Information shown:
>>>

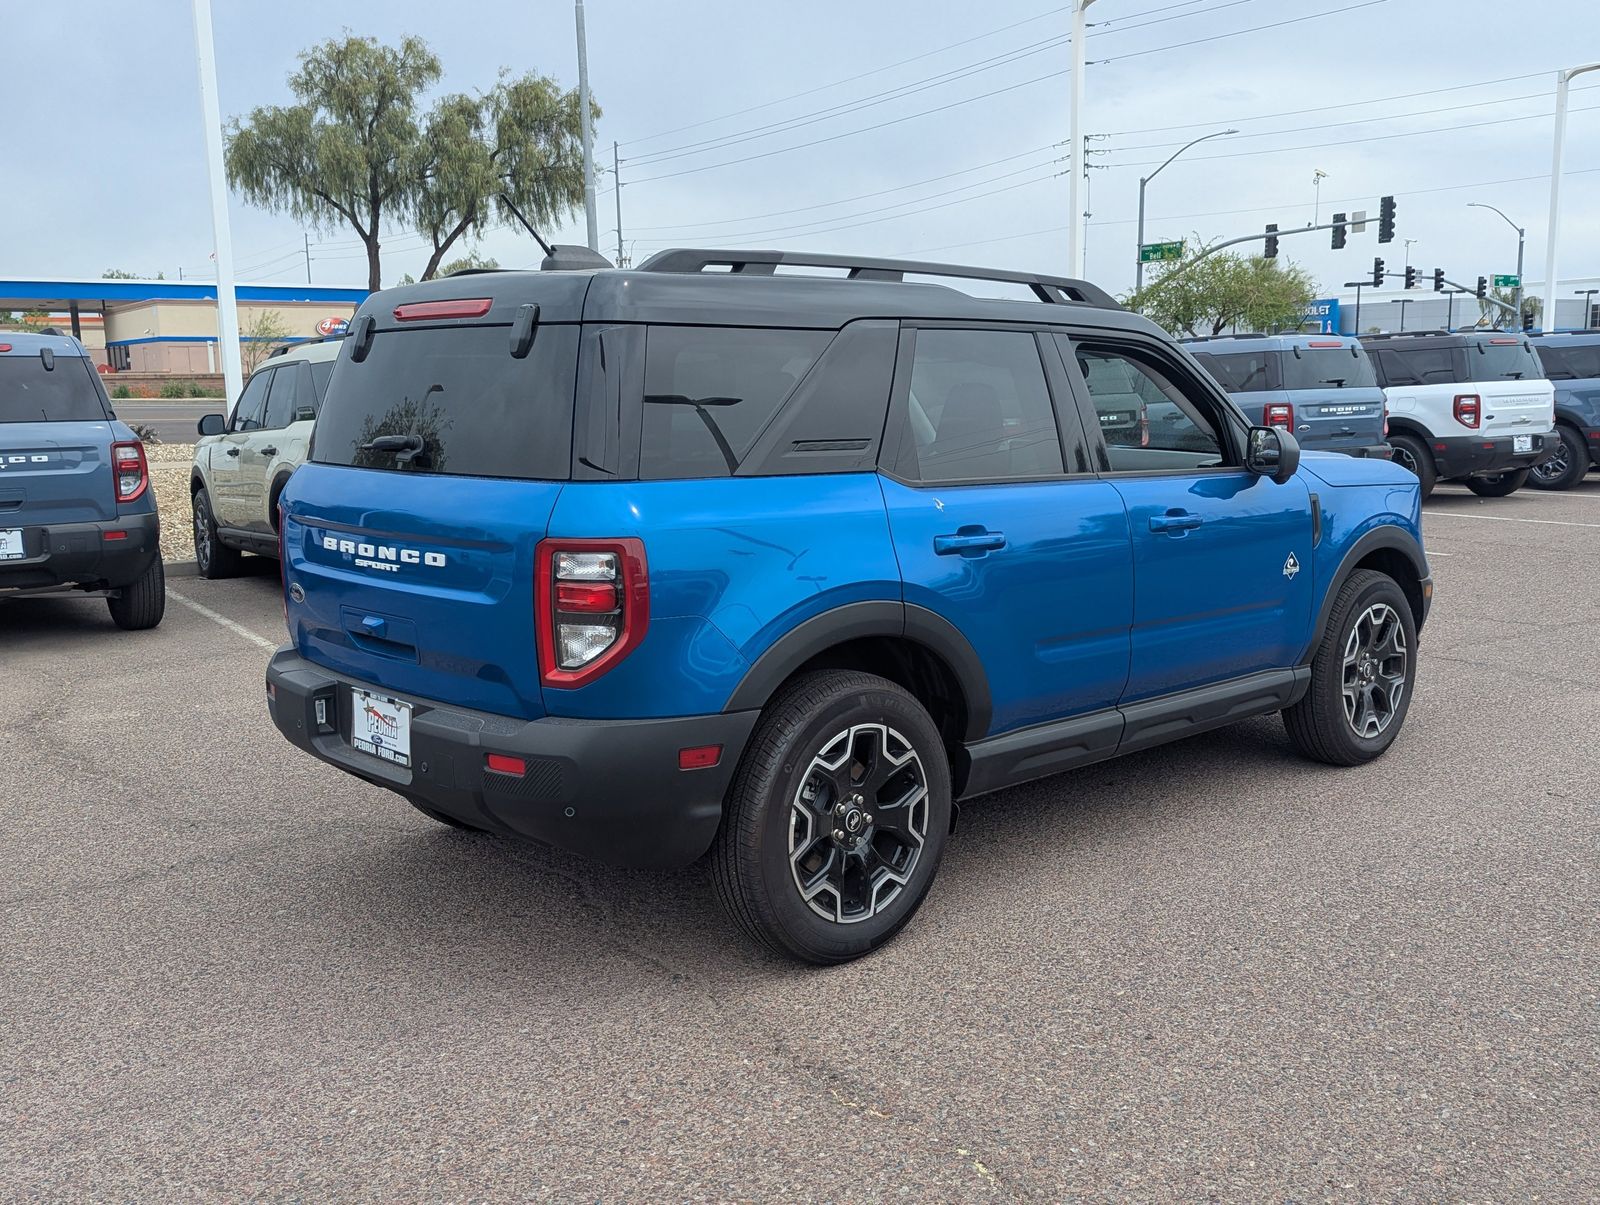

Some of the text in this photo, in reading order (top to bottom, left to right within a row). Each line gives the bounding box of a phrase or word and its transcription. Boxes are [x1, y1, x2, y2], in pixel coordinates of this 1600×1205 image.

[1149, 251, 1161, 260] Bell
[323, 536, 446, 567] BRONCO
[354, 558, 401, 572] SPORT
[367, 713, 398, 739] PEORIA
[354, 738, 377, 755] PEORIA
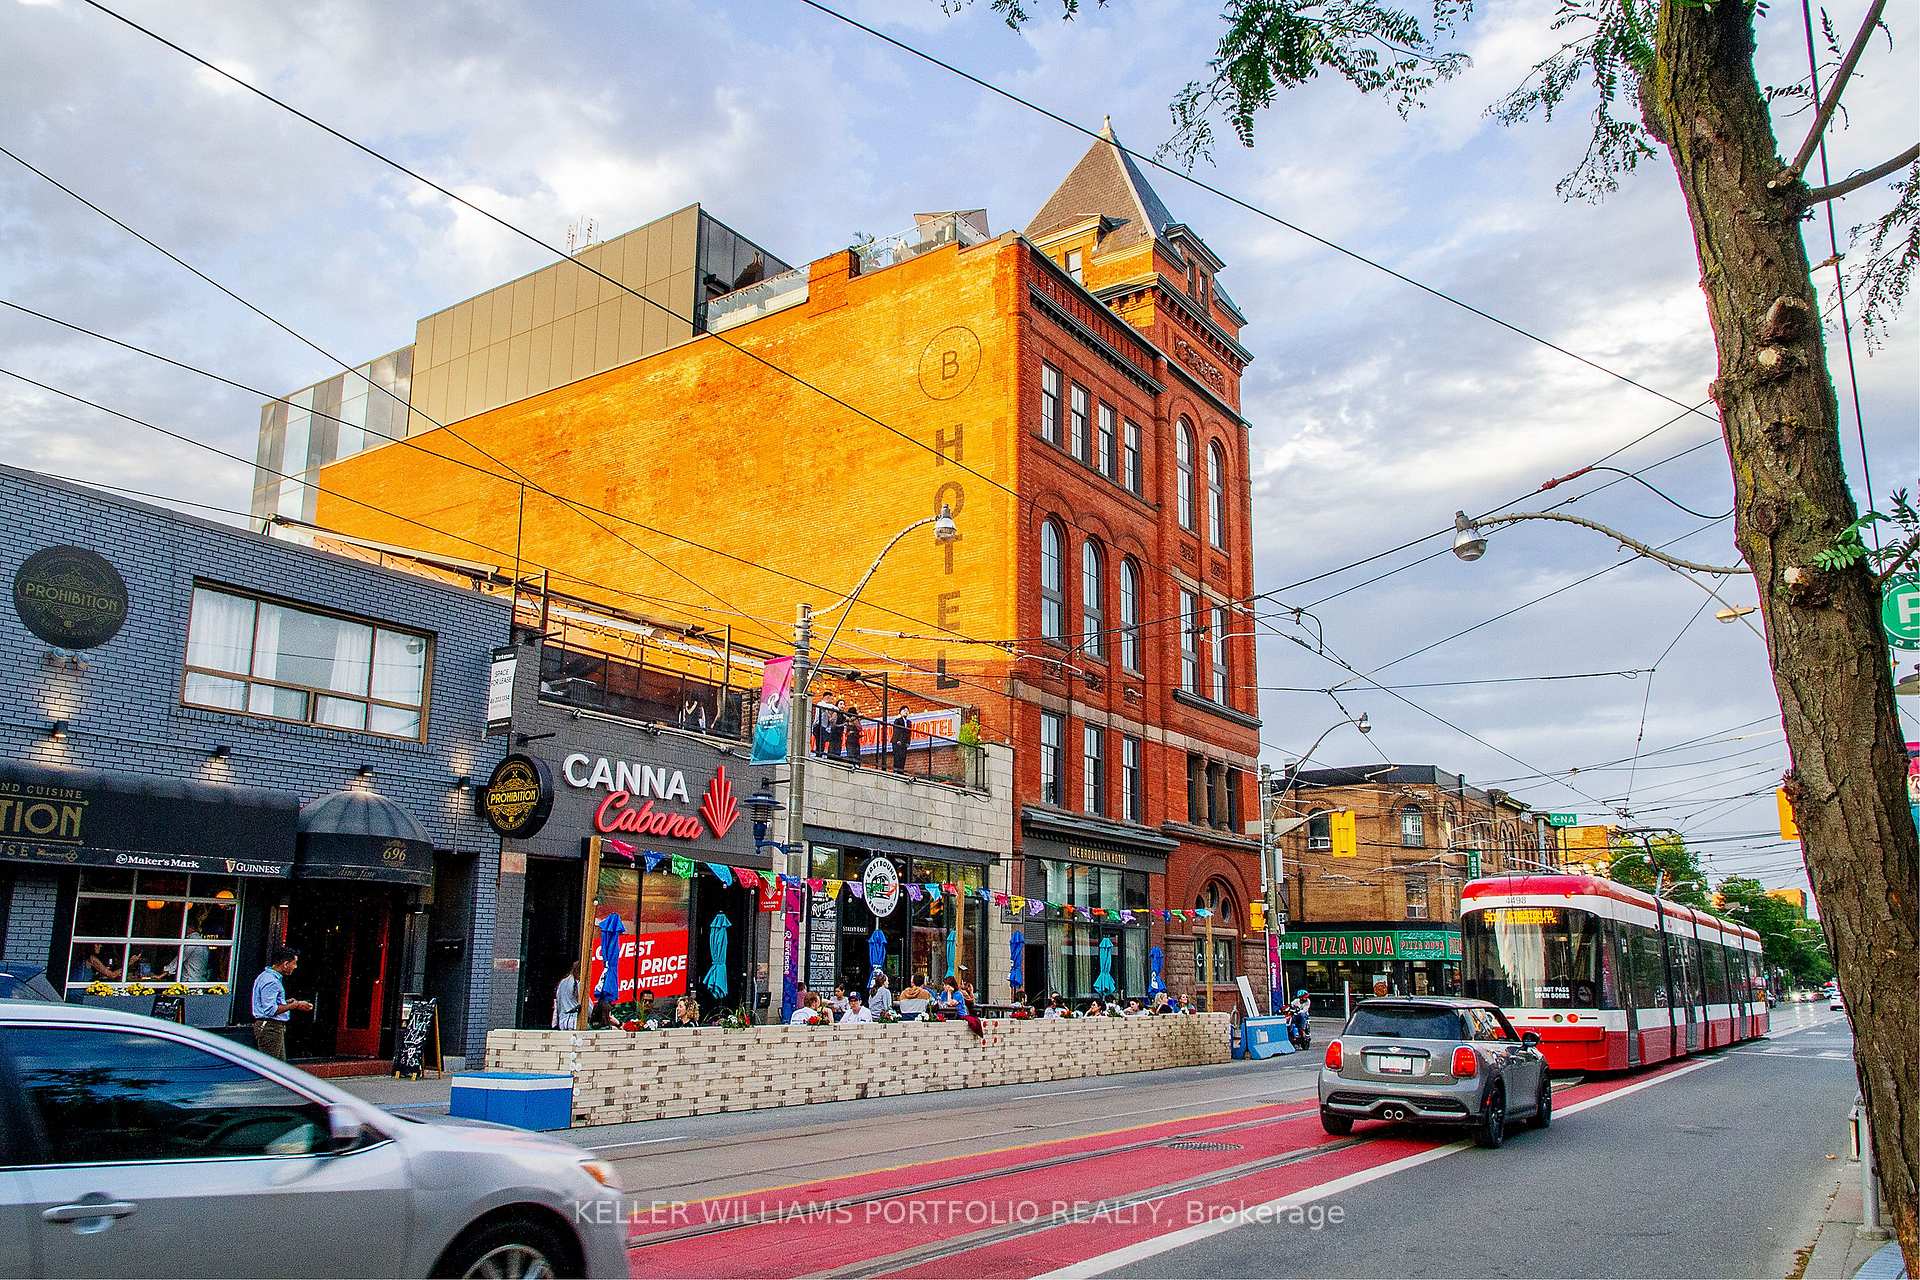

<<<

Exercise directions:
What's needed is an exact copy of every entry, free of pictures.

Your solution:
Some of the text in this photo, in reading order (top to bottom, left to right within a row). Each line gives the bounding box of a phrase or word and its transcription. Boxes are [x1, y1, x2, y2], in pixel coordinates of this 1600×1205 image.

[1149, 251, 1161, 260] Bell
[323, 536, 446, 567] BRONCO
[354, 558, 401, 572] SPORT
[367, 713, 398, 739] PEORIA
[354, 738, 377, 755] PEORIA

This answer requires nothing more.